• **RECORDS TO USE**
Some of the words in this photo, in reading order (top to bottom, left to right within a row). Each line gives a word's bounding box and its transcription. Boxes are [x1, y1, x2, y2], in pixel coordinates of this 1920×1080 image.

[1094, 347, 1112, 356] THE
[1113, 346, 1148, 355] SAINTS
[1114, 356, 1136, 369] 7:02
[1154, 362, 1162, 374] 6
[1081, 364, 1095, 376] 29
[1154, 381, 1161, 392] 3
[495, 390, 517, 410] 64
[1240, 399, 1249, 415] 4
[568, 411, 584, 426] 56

• **EXERCISE AIM**
All of the entries above need to be retyped exactly.

• **ANSWER BOX**
Some of the words in this photo, in reading order (top to bottom, left to right within a row). Each line gives a word's bounding box and its transcription. Boxes are [x1, y1, x2, y2], in pixel coordinates of this 1920×1080 image.

[1094, 347, 1112, 356] THE
[1113, 346, 1148, 355] SAINTS
[1114, 356, 1136, 369] 7:02
[1154, 362, 1162, 374] 6
[1081, 364, 1095, 376] 29
[1154, 381, 1161, 392] 3
[495, 390, 517, 410] 64
[1240, 399, 1249, 415] 4
[568, 411, 584, 426] 56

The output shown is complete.